Language-conditioned representation of temporal parts: We study the effect of the language on representing temporal parts in Sec. III-B2. In particular, we replace the temporal attention in Eq. (4) with a simple mean-pooling operation. We experience a significant drop in performance from 37.6% to 35.3% when disregarding the language-condition representation. We conjecture that the question-specific representations of object lives make it more ready for the later relational reasoning to arrive at correct answers.
Query-conditioned object graph: We conduct a series of experiments going from shallow GCNs to very deep GCNs to study the effects of the temporal parts representation refinement based on the information carried out by their surrounding objects. Empirical results suggest that it gradually improves the performance when increasing the depth of the GCN, and 6 layers are sufficient on the MSVD-QA dataset.
Object graphs summary: We verify the effect of the sequential modeling of temporal parts as described in Sec. III-B4. The simplest way of computing the summary of object graphs is via an average-pooling operator over all elements in the sequence which is to totally ignore the temporal dependencies between the elements. Results in Table III show that connecting a chain of object temporal parts by a sequence model like BiLSTM is beneficial. Comparing to the clip-based relation network [le2020neural-reason], a BiLSTM as in our model is less computationally expensive and easy to implement.

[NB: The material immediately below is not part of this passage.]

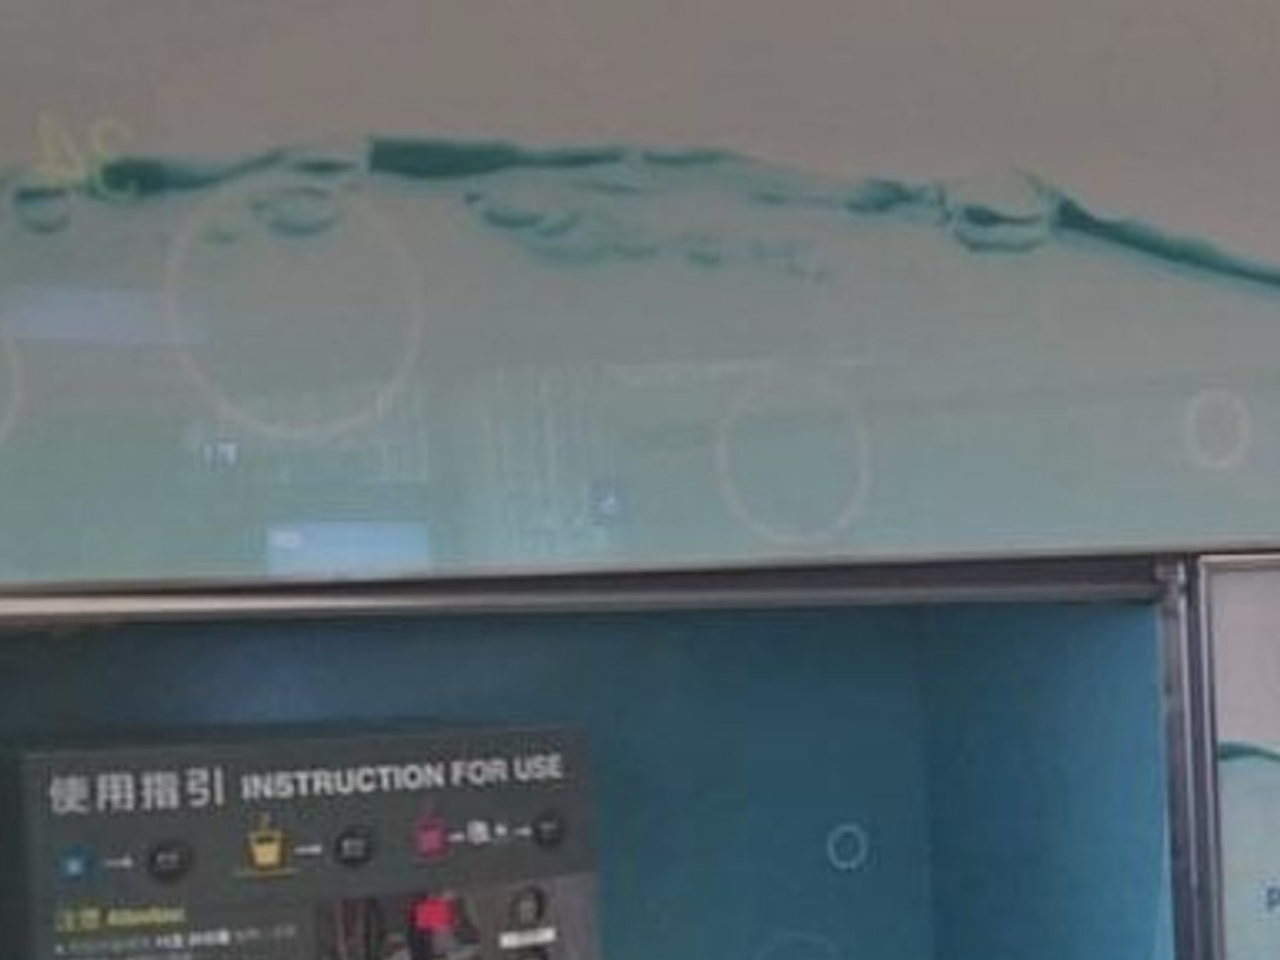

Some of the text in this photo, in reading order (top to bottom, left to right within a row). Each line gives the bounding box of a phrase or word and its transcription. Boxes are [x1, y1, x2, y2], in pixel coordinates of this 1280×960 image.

[50, 769, 223, 813] 使用指引
[241, 754, 564, 800] INSTRUCTION FOR USE

Contextual object: Finally, we investigate the effect of contextual feature in Eq. (8). The performance of our model notably decreases from 37.6 to 35.8 when removing this special object. This result once again confirms the importance of the contextual object in compensating for the loss of information caused by the imperfect object detection.
|Default config. (*)||37.6|
|w/o Gating mechanism||36.5|
|Language-conditioned rep. of temporal parts|
|w/o Temporal attention||35.3|
|Interaction graph of temporal parts|
|w/ 1 GCN layer||36.9|
|w/ 4 GCN layers||37.3|
|w/ 8 GCN layers||37.1|
|Object graphs summary|
|w/o Contextual Obj.||35.8|
We have introduced a novel neural architecture for object-centric representation learning in video question answering. Object-centric representation adds modularity and compositionality to neural networks, offering structural alternatives to the default vectorial representation. This is especially important in complex scenes in video with multi-object dynamic interactions. More specifically, our representation framework abstracts a video as an evolving relational graph of objects, whose nodes and edges are conditionally inferred. We also introduce the concept of r’esum’e that summarizes the live of an object over the entire video. This allows seamless plug-and-play with existing reasoning engines that operate on a set of items in response to natural questions. The whole object-centric system is supported by a new dynamic graph neural network, which learns to refine object representation given the query and the context defined by other objects and the global scene. Our architecture establishes new state-of-the-arts on MSVD-QA, MSRVTT-QA, and SVQA – the three well-known video datasets designed for complex compositional questions, relational, spatial and temporal reasoning.